I inherited a database that has a non-clustered index on a column and also has a clustered index on the same column. This table gets hit with a lot of inserts. I have noticed tons of locking lately. The locking is so severe that all reads and writes stop working. Due to the heavy inserting, I’m assuming the clustered index should be dropped. Any opinions on this? Thanks.
If I understand correctly, the same column in the same table has both a clustered and a non-clustered index on it, AND these indexes are single indexes, not part of a composite index? If this is the case, your best bet is to drop the non-clustered index first and see what happens. Or, better yet, do an execution plan common queries that use this index and see which index they are using, keep that one, and delete the other. Your locking may also be caused by other issues, but this is a good place to start. ————————————————————–
Brad M. McGehee, SQL Server MVP
Technical Editor/Moderator www.SQL-Server-Performance.Com
Director of DBA Education for www.Red-Gate.Com
www.sqlbrad.com
www.sqlHawaii.com
quote:Originally posted by bradmcgehee If I understand correctly, the same column in the same table has both a clustered and a non-clustered index on it, AND these indexes are single indexes, not part of a composite index? If this is the case, your best bet is to drop the non-clustered index first and see what happens. Or, better yet, do an execution plan common queries that use this index and see which index they are using, keep that one, and delete the other. Your locking may also be caused by other issues, but this is a good place to start. ————————————————————–
Brad M. McGehee, SQL Server MVP
Technical Editor/Moderator www.SQL-Server-Performance.Com
Director of DBA Education for www.Red-Gate.Com
www.sqlbrad.com
www.sqlHawaii.com

Hi Brad While I agree with you that the OP should drop the Non-clustered index first to see the performance diff, I think SQL always tries to use a clustered index if it can (for the same column). So most likely all the queries would be using the clustered index (under the assumption that this is the only column in the index). ***********************
Dinakar Nethi
***********************
http://weblogs.sqlteam.com/dinakar/
You guys hit the nail on the head. I’m going to drop the clustered first to see if that helps. Thanks.
quote:Originally posted by cnikirk You guys hit the nail on the head. I’m going to drop the clustered Non-clustered first to see if that helps. Thanks.

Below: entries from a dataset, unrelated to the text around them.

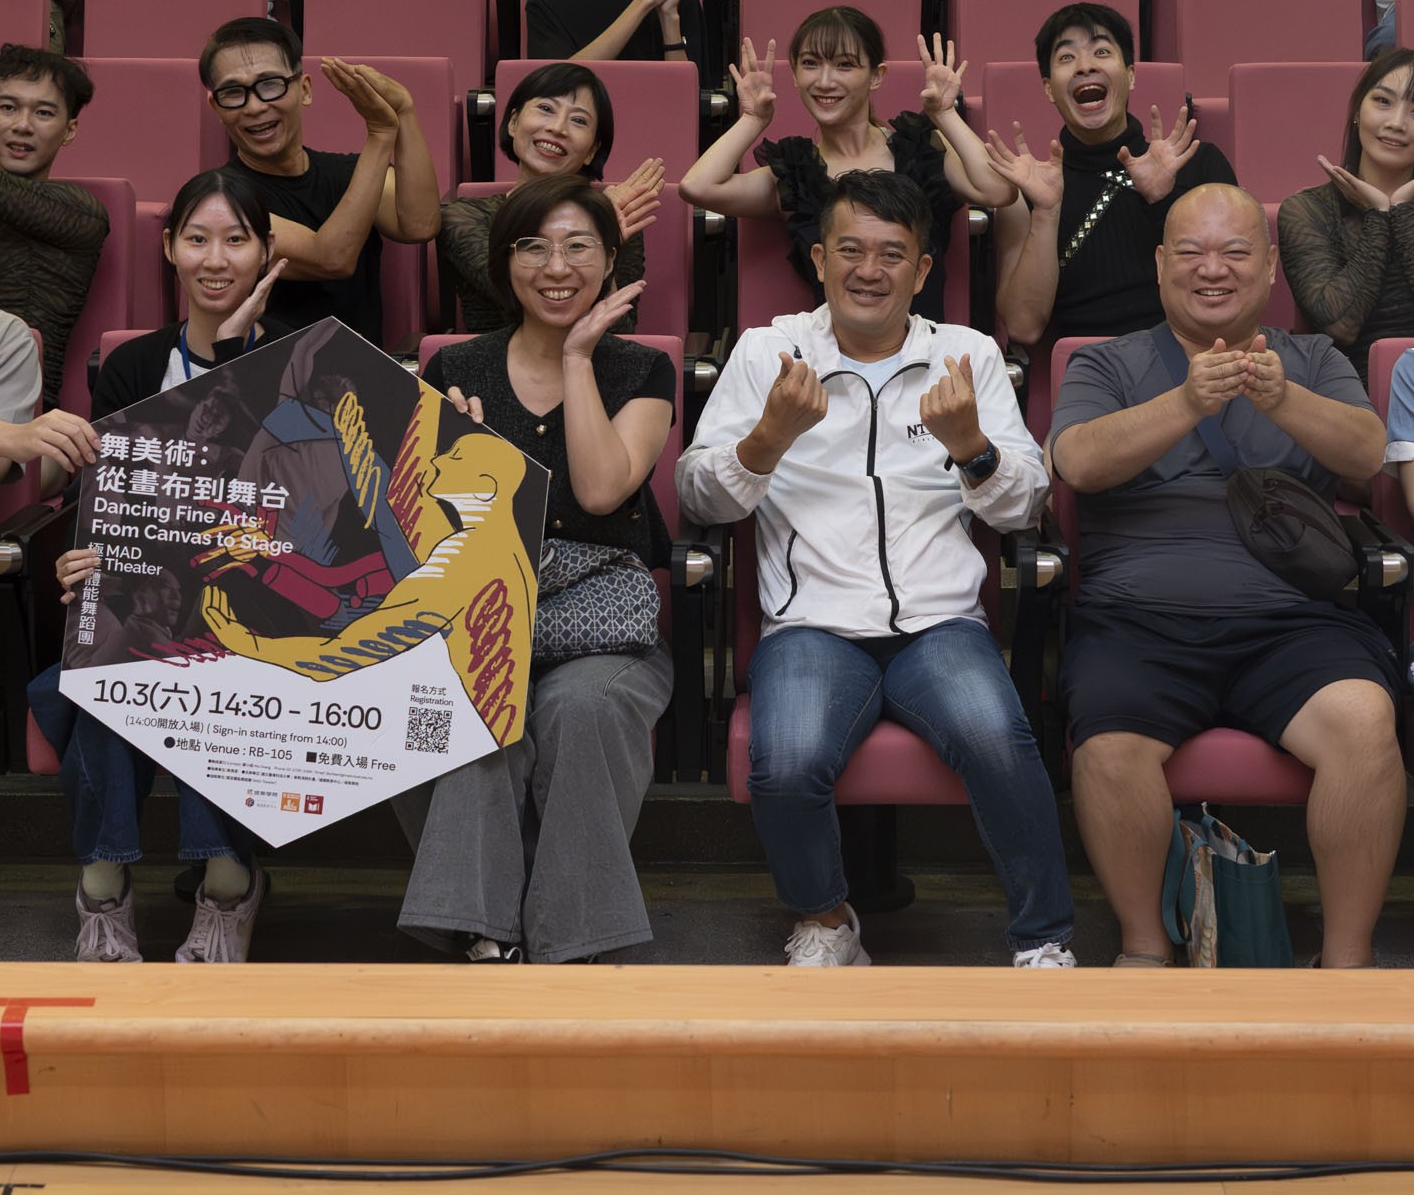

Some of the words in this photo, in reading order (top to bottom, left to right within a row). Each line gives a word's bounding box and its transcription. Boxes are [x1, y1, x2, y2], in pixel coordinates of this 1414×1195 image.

[95, 465, 290, 509] 從畫布到舞台
[93, 496, 171, 523] Dancing
[175, 505, 216, 524] Fine
[219, 510, 263, 529] Arts:
[91, 519, 139, 538] From
[144, 524, 212, 546] Canvas
[217, 532, 235, 548] to
[239, 533, 294, 556] Stage
[105, 544, 142, 560] MAD
[104, 557, 163, 576] Theater
[77, 541, 105, 645] 極體能舞蹈團
[410, 694, 454, 707] Registration
[411, 684, 447, 696] 報名方式
[93, 679, 202, 716] 10.3(六)
[208, 691, 282, 720] 14:30
[308, 701, 382, 731] 16:00
[212, 724, 248, 738] Sign-in
[249, 728, 288, 743] starting
[289, 733, 313, 744] from
[316, 735, 348, 749] 14:00)
[204, 741, 240, 755] Venue
[249, 746, 293, 761] RB-105
[371, 758, 396, 772] Free

We meant dropping the NON-clustered index. ***********************
Dinakar Nethi
***********************
http://weblogs.sqlteam.com/dinakar/
While I agree with what Brad suggested, you have to see how the insert queries are handled. Say if the process can be controlled with smaller batches you would definetly have a gain in performance. Satya SKJ
Microsoft SQL Server MVP
Writer, Contributing Editor & Moderator
http://www.SQL-Server-Performance.Com
@http://www.askasqlguru.com/ This posting is provided AS IS with no rights for the sake of knowledge sharing. Knowledge is of two kinds. We know a subject ourselves or we know where we can find information on it.

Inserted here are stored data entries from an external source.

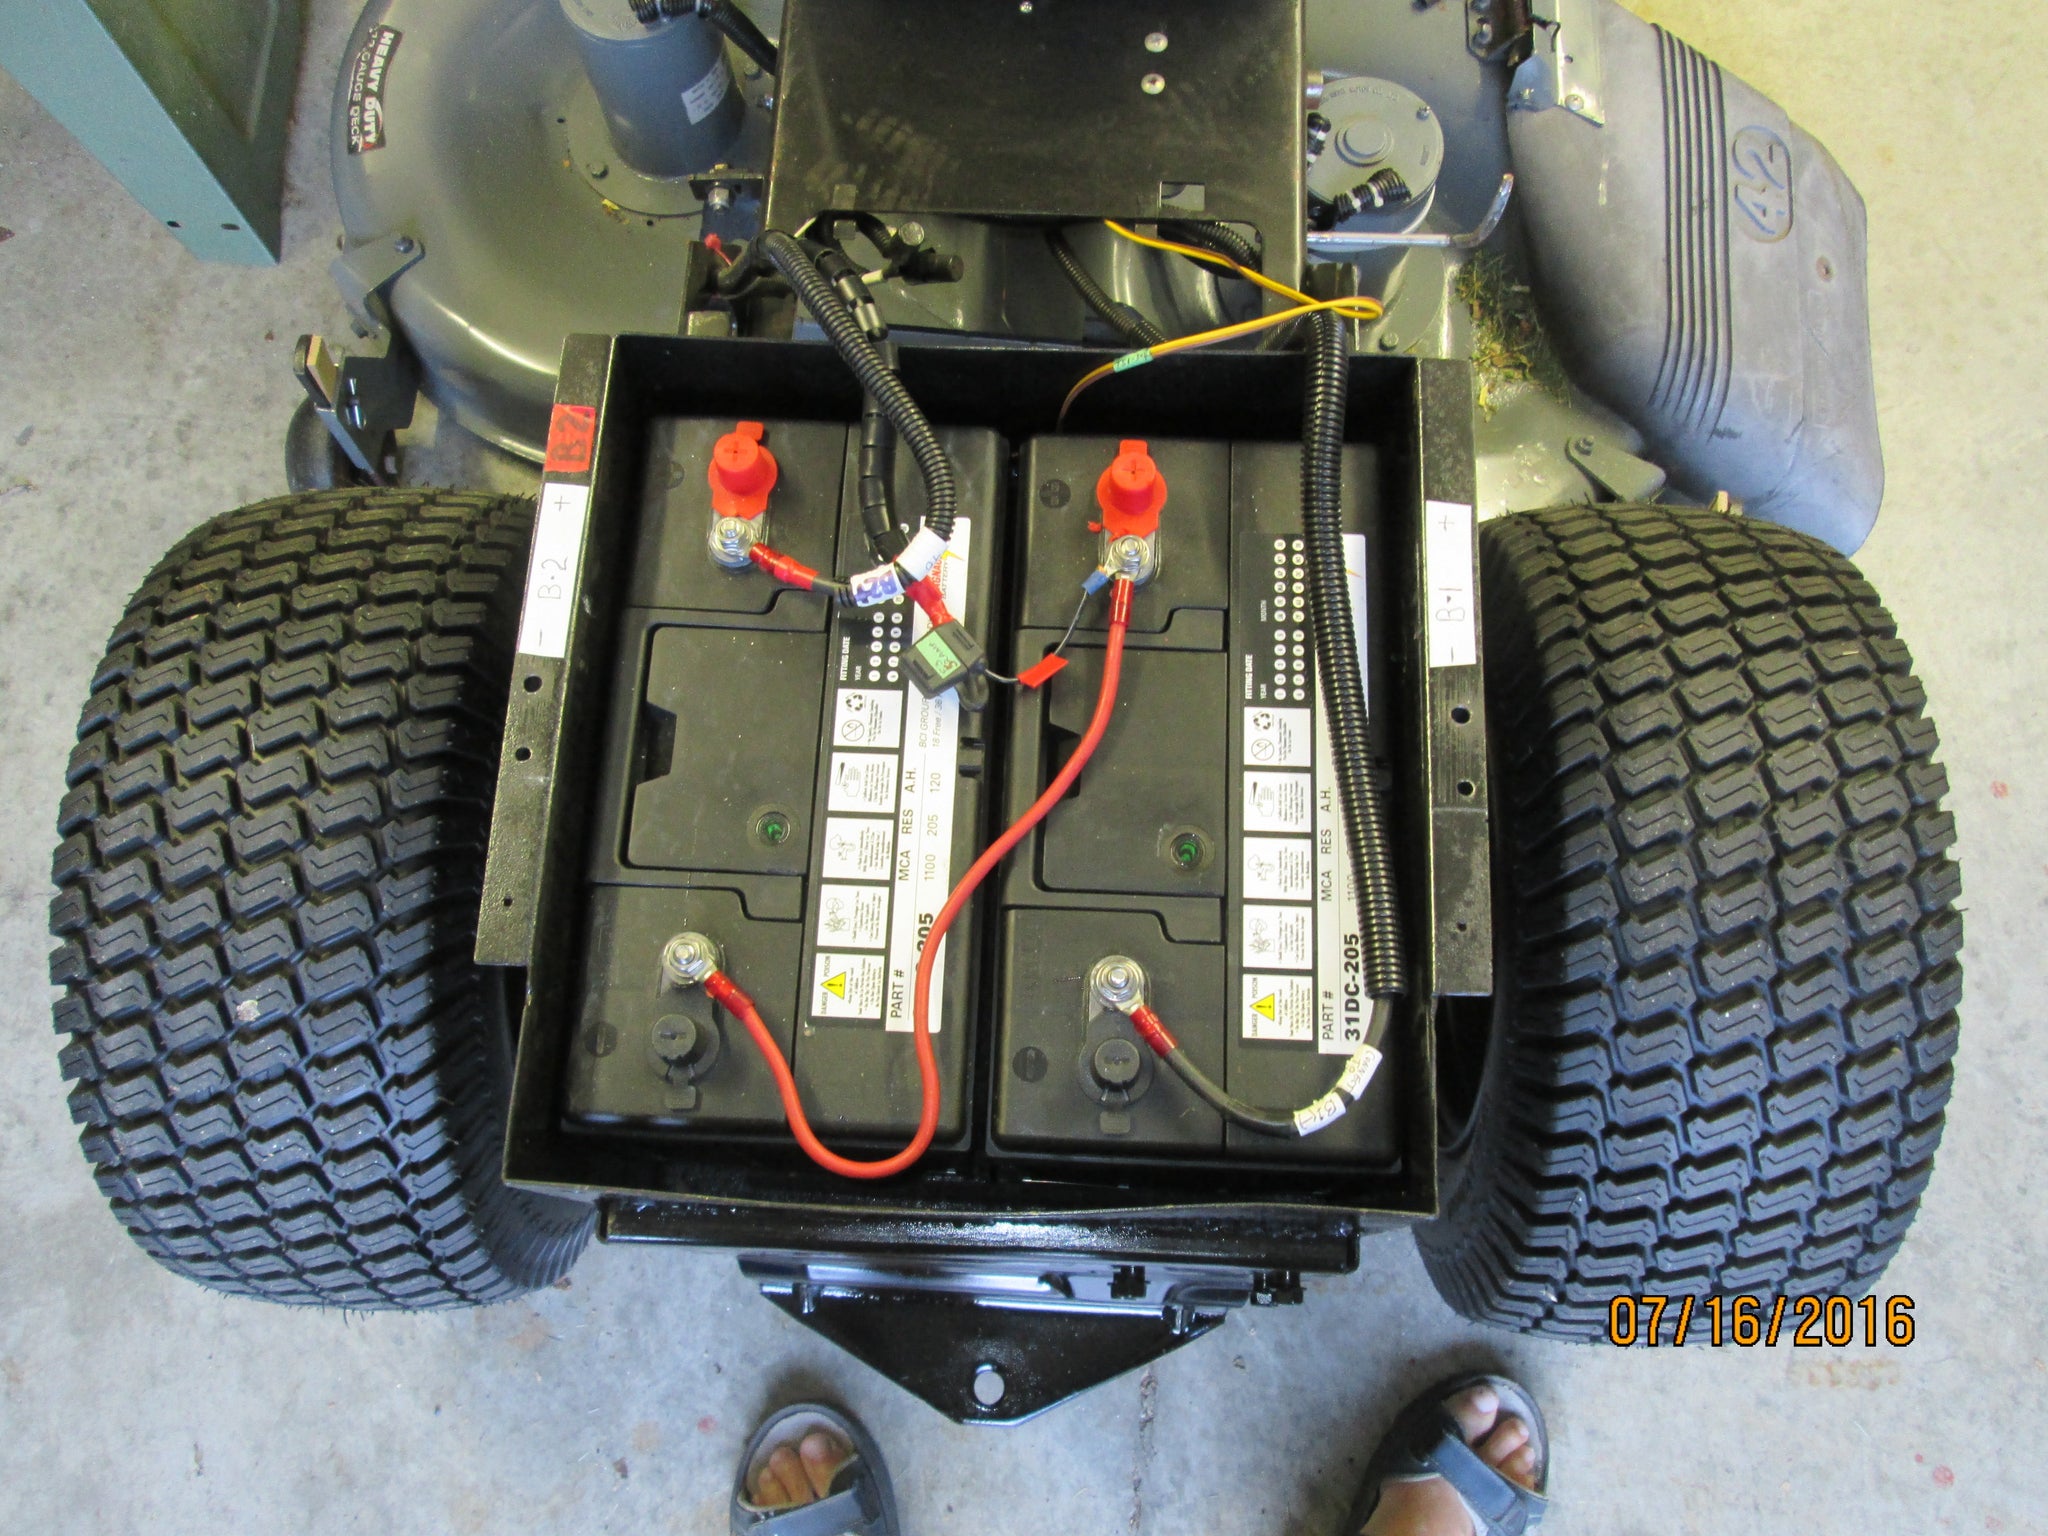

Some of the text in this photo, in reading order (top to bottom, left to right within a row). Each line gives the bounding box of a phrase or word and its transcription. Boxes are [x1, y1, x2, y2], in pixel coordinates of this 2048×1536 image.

[367, 31, 395, 92] HEAVY
[363, 97, 377, 142] DUTY
[1731, 142, 1787, 234] 42
[840, 636, 850, 681] FITTING DATE
[923, 772, 941, 881] 1100 205 120
[890, 767, 916, 1018] PART # MCA RES A.H.
[1320, 787, 1334, 1040] PART # MCA RES A.H.
[823, 955, 831, 977] POISON
[1343, 934, 1360, 1041] 31DC-205

You might also find these interesting: http://blogs.msdn.com/sqlprogrammab…g-overlapping-indexes-in-sql-server-2005.aspx
and for 2000
http://www.sql-server-performance.com/ma_finding_duplicate_indexes.asp
I have not heard how wide this column is and how incremental. I would, as a matter of design, always have a incrementing field (read: identity) as your clustered index field and have a non-clustered index on this field. since you complain inserts are killing it, it sound like a bad field to order the table by. Just my 2 cents.